Projet de loi Climat & Résilience - Les députés ont voté les articles du titre V « se nourrir » : ça change quoi dans nos vies ?

Le Lundi 19 avril 2021

Depuis le 29 mars, le projet de loi Climat et Résilience est en examen à l’Assemblée nationale. Après le vote des dispositions du titre I « Consommer », du titre II « Produire et travailler », du titre III « Se déplacer », et du titre IV « Se Loger », les députés viennent de finir l’examen du titre V du texte, intitulé « Se nourrir ». L’objectif : enclencher un changement significatif dans notre manière de nous nourrir pour consommer plus local, plus durable et plus sain, soutenir un système agricole plus respectueux de l’environnement par le développement de l’agroécologie et mieux encadrer le commerce équitable.

La loi Climat & Résilience est une bascule culturelle globale, qui doit nécessairement passer par nos assiettes.
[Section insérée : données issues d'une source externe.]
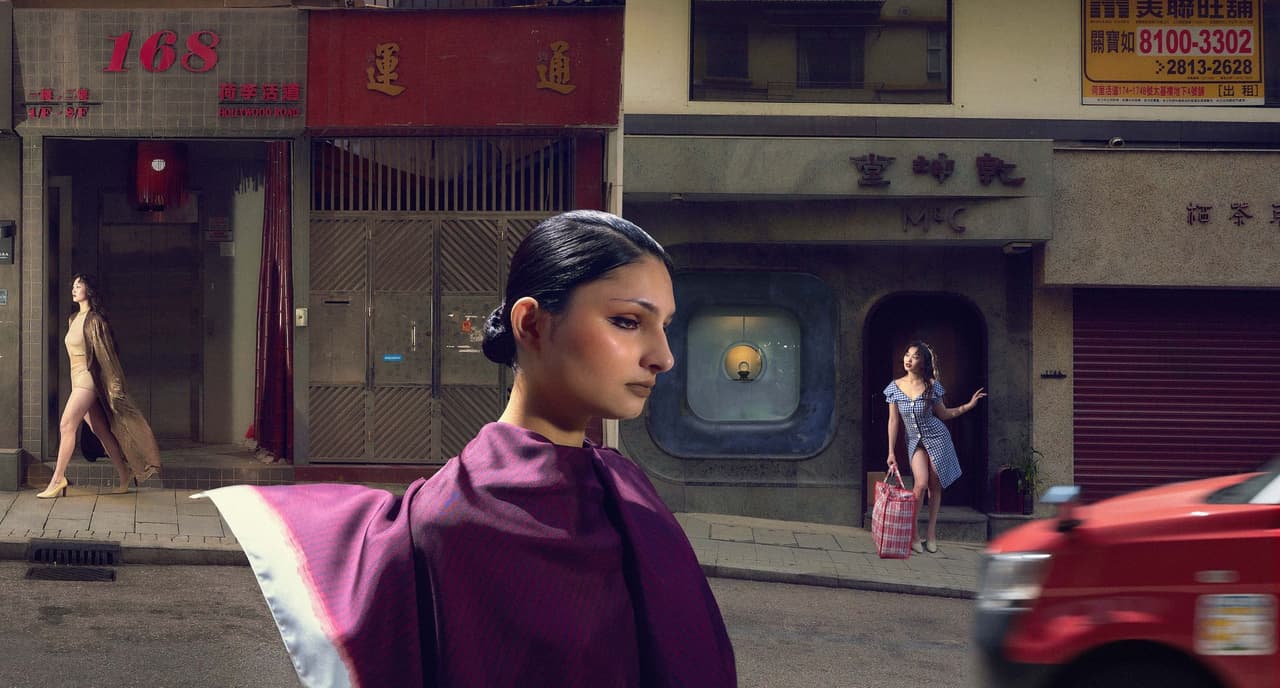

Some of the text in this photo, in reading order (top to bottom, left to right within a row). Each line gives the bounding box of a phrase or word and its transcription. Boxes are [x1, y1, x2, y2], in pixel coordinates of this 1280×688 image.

Parce que mieux se nourrir est à la fois un enjeu environnemental et de santé publique, je me réjouis des avancées votées par les députés, qui marquent un tournant pour une alimentation plus durable, plus saine et plus locale.
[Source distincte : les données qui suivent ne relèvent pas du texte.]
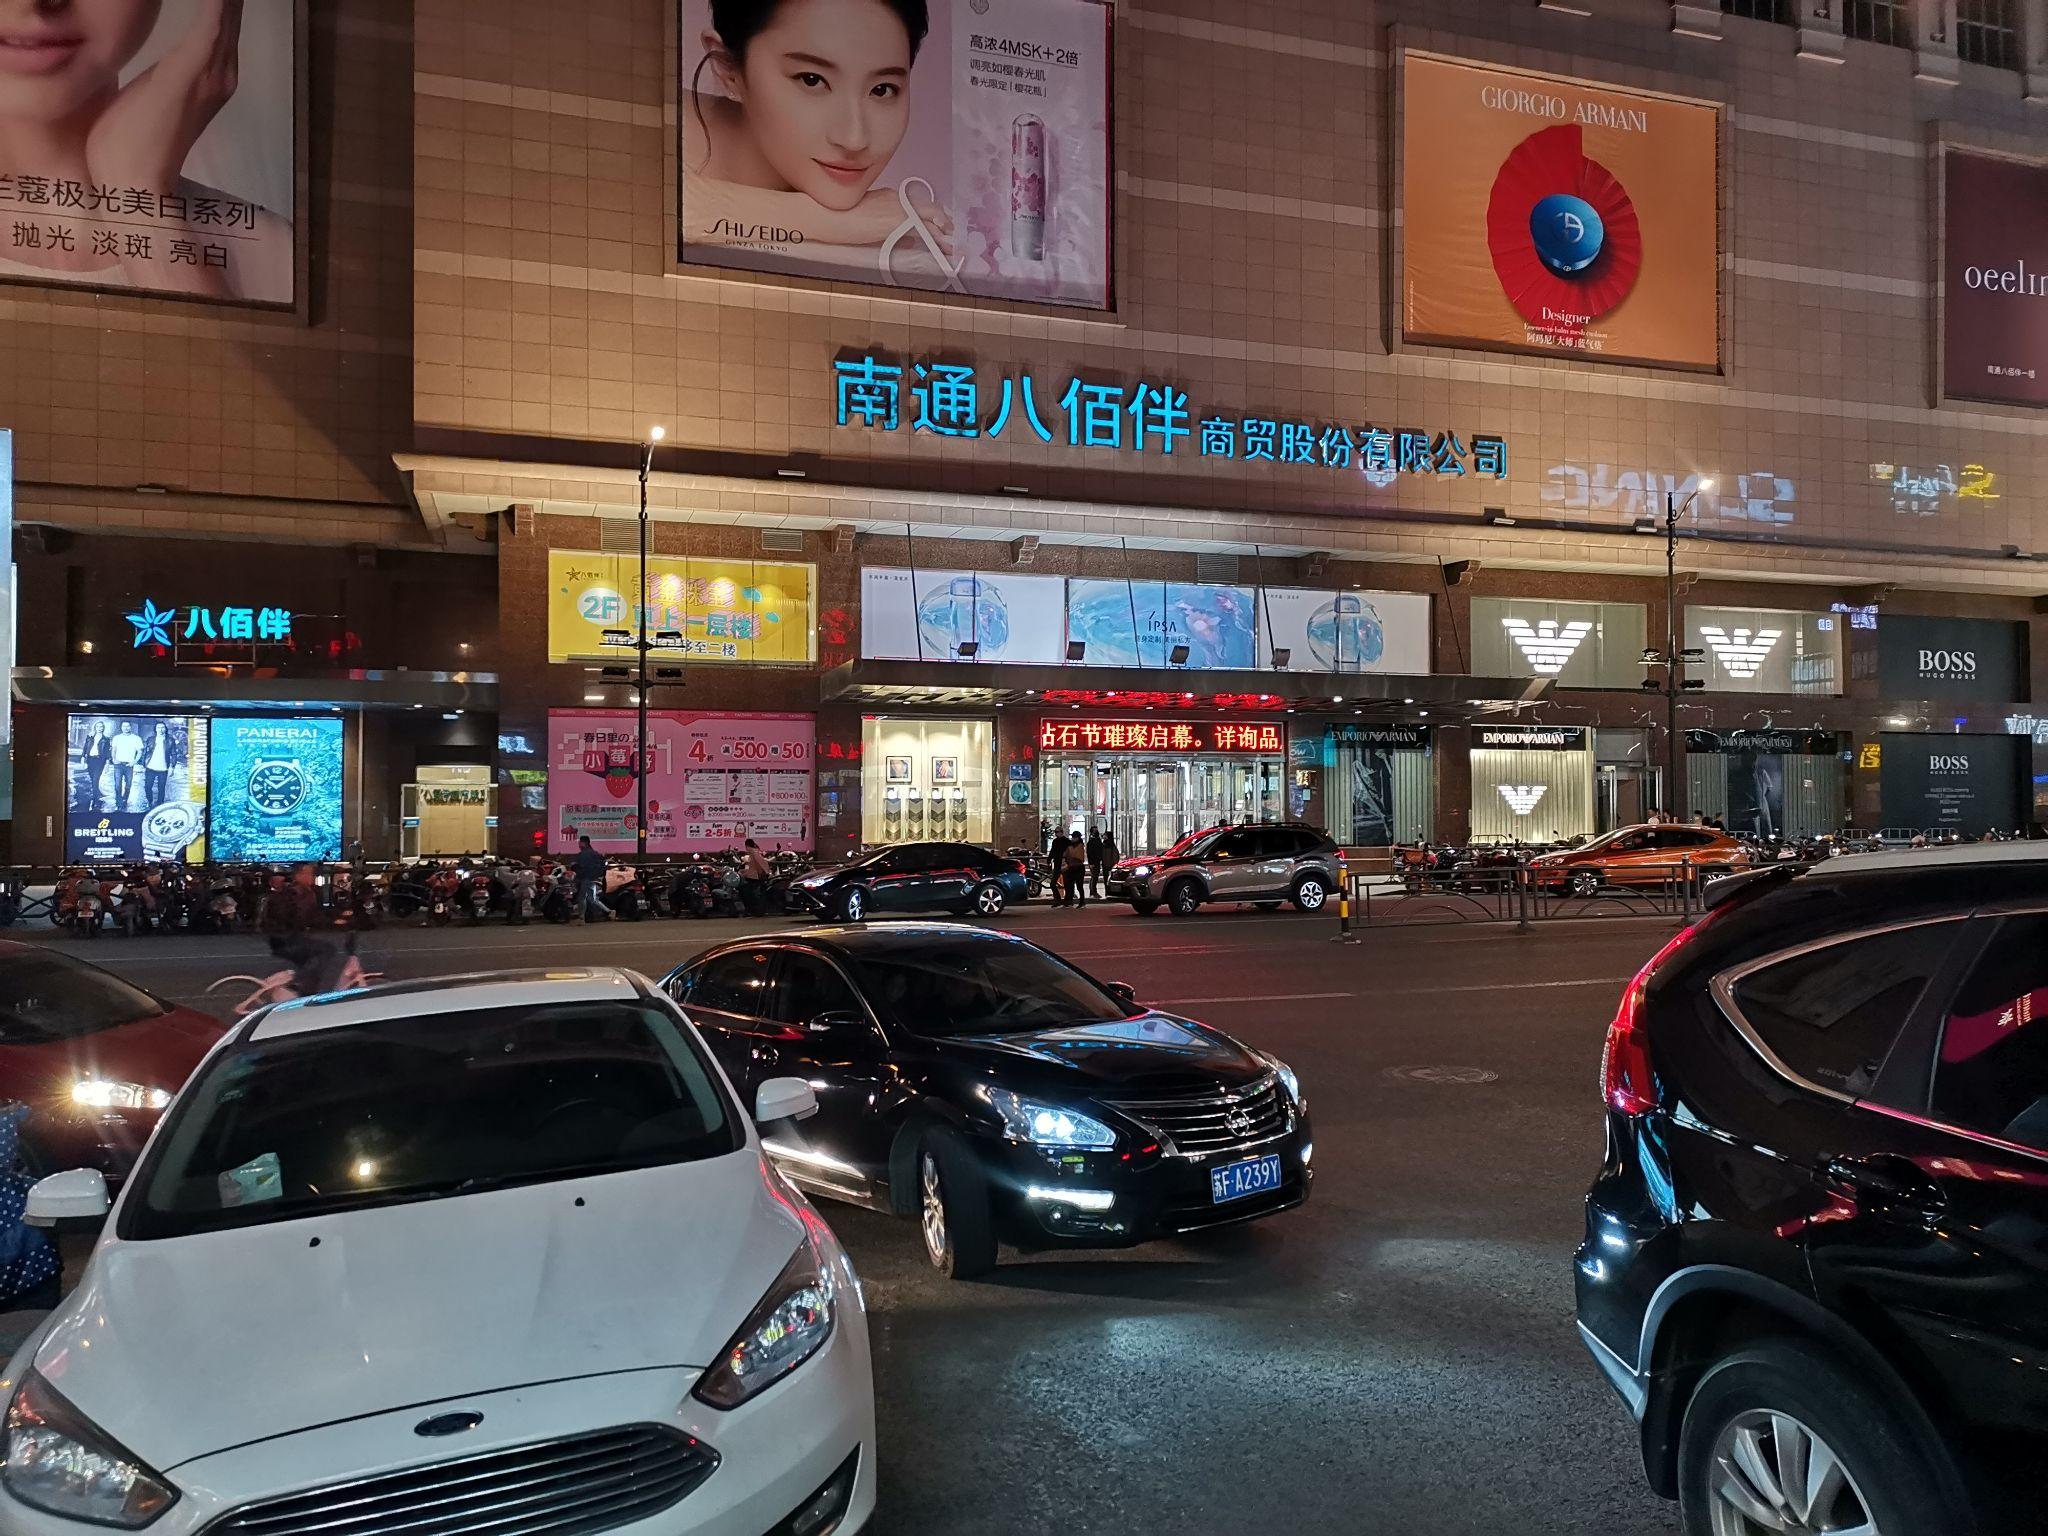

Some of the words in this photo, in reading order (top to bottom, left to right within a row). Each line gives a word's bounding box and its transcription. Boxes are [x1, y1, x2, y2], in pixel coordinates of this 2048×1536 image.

[1481, 86, 1566, 119] GIORGIO
[1574, 101, 1647, 133] ARMANI
[703, 218, 804, 244] SHISEIDO
[13, 221, 75, 252] 抛光
[93, 229, 153, 260] 淡斑
[170, 238, 228, 269] 亮白
[1542, 306, 1591, 327] Designer
[834, 355, 1190, 455] 南通八佰伴
[1200, 416, 1508, 479] 商贸股份有限公司
[584, 595, 621, 620] 2F
[184, 606, 291, 640] 八佰伴
[1918, 650, 1976, 672] BOSS
[237, 727, 318, 738] PANERAI
[1042, 722, 1283, 750] 钻石节璀璨启幕。详询品
[1331, 731, 1372, 742] EMPORIO
[1382, 731, 1417, 742] ARMANI
[1483, 732, 1522, 744] EMPORIO
[1531, 733, 1565, 744] ARMANI
[1930, 755, 1969, 770] BOSS
[74, 829, 135, 837] BREITLING
Dans la continuité de la loi EGAlim, les mesures votées par nos députés au sein de la Loi Climat et Résilience consacrent un principe, qui est celui du choix et un combat qui est celui de la qualité au service de notre ambition des aliments servis dans nos cantines : permettre à chacune et chacun d’avoir accès à une alimentation saine, sûre et durable

Julien Denormandie

Les mesures en bref

Soutenir une alimentation saine et durable peu émettrice de gaz à effet de serre pour tous

Quel constat ? 67 % des Français sont prêts à réduire leur consommation de viande

Pour agir, les députés ont voté l’obligation d’une option végétarienne quotidienne en cas de menus multiples dans les cantines de l’Etat, de ses entreprises et établissements publics (dont prisons et les universités). Cette option quotidienne fera également l’objet d’une expérimentation pour les collectivités volontaires. Suite à l’expérimentation concluante issue de la loi EGALIM, les députés ont choisi de pérenniser l’obligation, pour les cantines scolaires, de proposer au moins un menu végétarien par semaine.

Ce qui va changer au quotidien : focus sur des mesures clés qui font entrer l’écologie dans nos vies

Article 59 | Choix quotidien d’un menu végétarien dans les cantines de l’Etat et les universités, menu hebdomadaire dans les cantines scolaires et expérimentation pour les collectivités volontaires

Que dit cet article ? Il permet la mise en place d’une expérimentation à partir de la promulgation de la loi pour qu’un choix végétarien quotidien soit proposé dans les cantines des collectivités volontaires. L’Etat, lui, se veut exemplaire, et proposera dès 2023, quotidiennement un menu végétarien en cas de choix multiples offerts aux convives dans ses cantines et celles de ces établissements publics et entreprises publiques. Il rend également obligatoire un menu végétarien hebdomadaire dans les cantines scolaires, prévue par la loi EGALIM.

Et concrètement

Aujourd'hui : L’expérimentation du menu végétarien hebdomadaire dans les cantines scolaires est en place depuis le 1er novembre 2019 et pour 2 ans.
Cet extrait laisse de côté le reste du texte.